# Brief:
Make the copy match the entries below exactly, with no pictures carried over.
── Supplied information
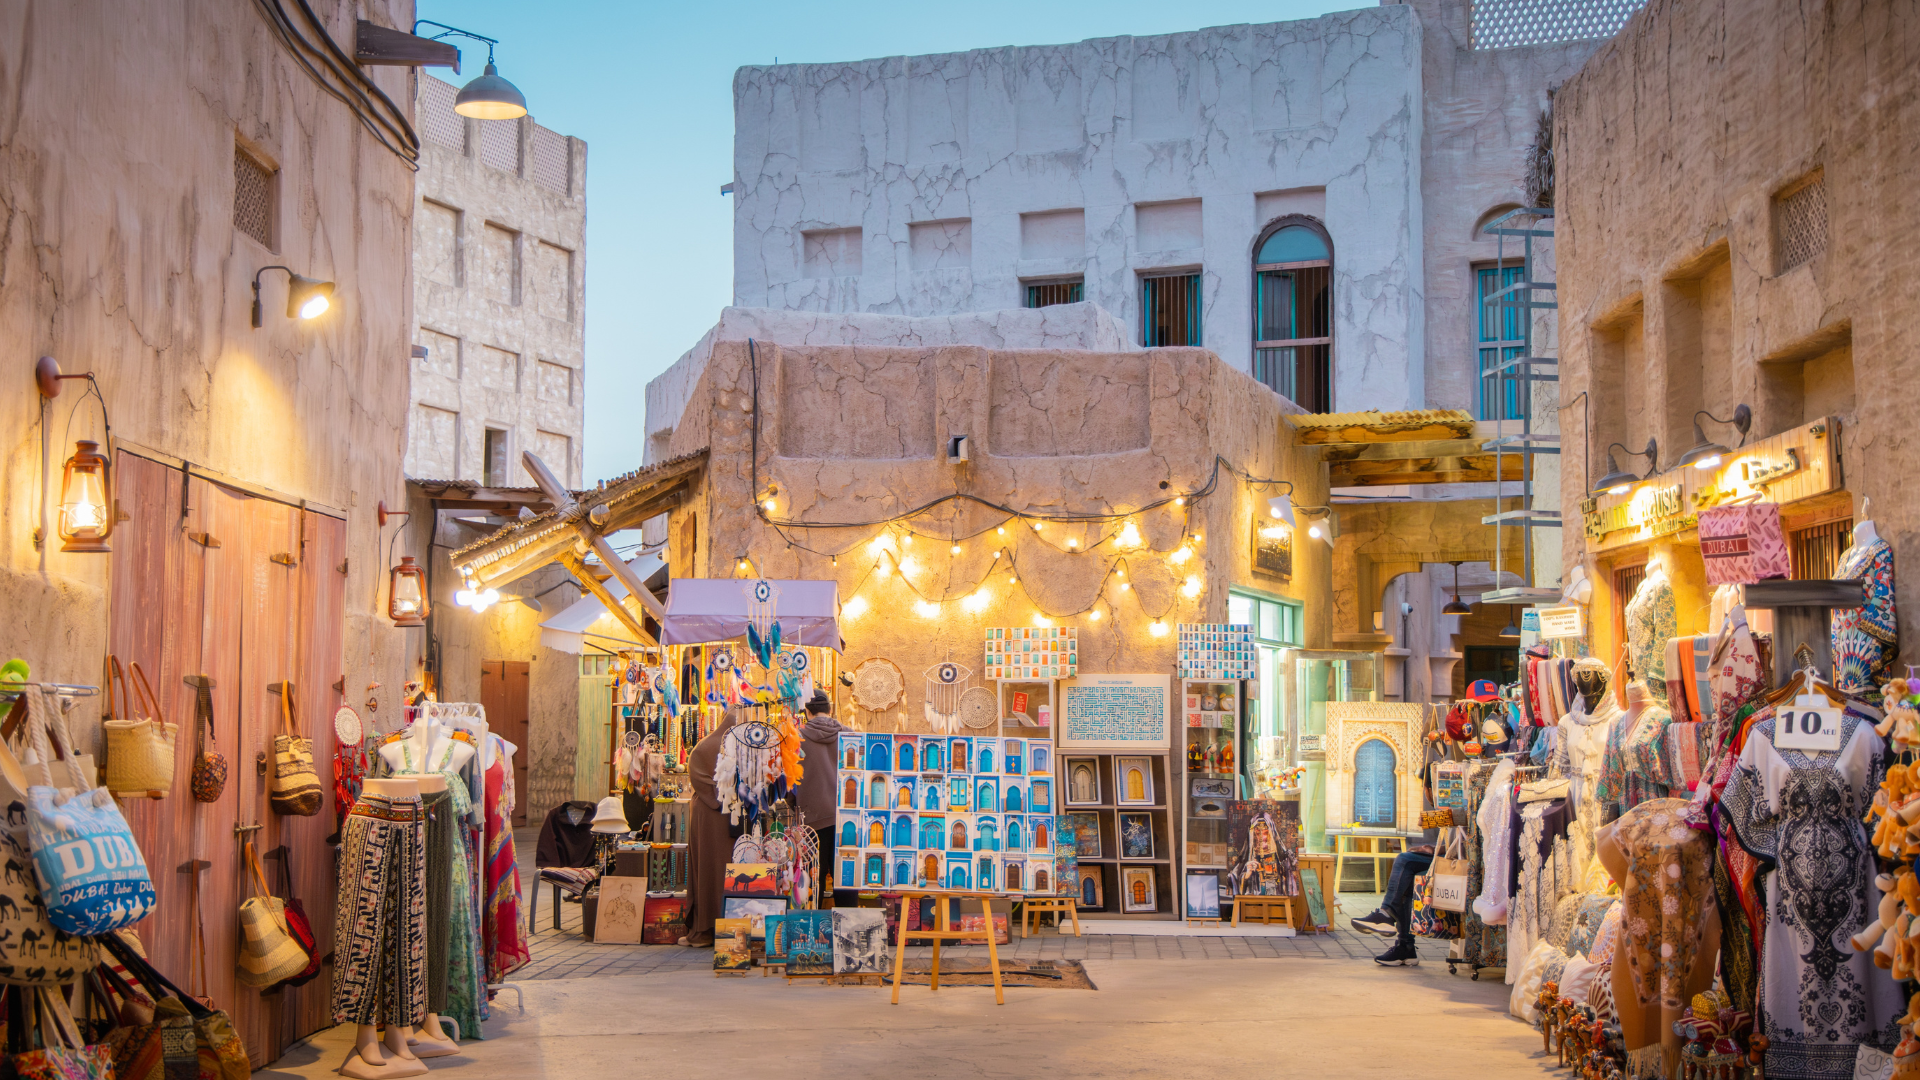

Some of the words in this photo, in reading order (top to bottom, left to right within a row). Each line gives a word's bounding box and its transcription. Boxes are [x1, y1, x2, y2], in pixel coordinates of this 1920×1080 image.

[1707, 539, 1739, 553] DUBAI
[1781, 711, 1822, 735] 10
[61, 882, 109, 906] DUBAI
[1436, 887, 1459, 900] DUBAI
────
# Solution to the problem:
Some of the words in this photo, in reading order (top to bottom, left to right within a row). Each line gives a word's bounding box and its transcription. Boxes are [x1, y1, x2, y2], in pixel coordinates of this 1920×1080 image.

[1707, 539, 1739, 553] DUBAI
[1781, 711, 1822, 735] 10
[61, 882, 109, 906] DUBAI
[1436, 887, 1459, 900] DUBAI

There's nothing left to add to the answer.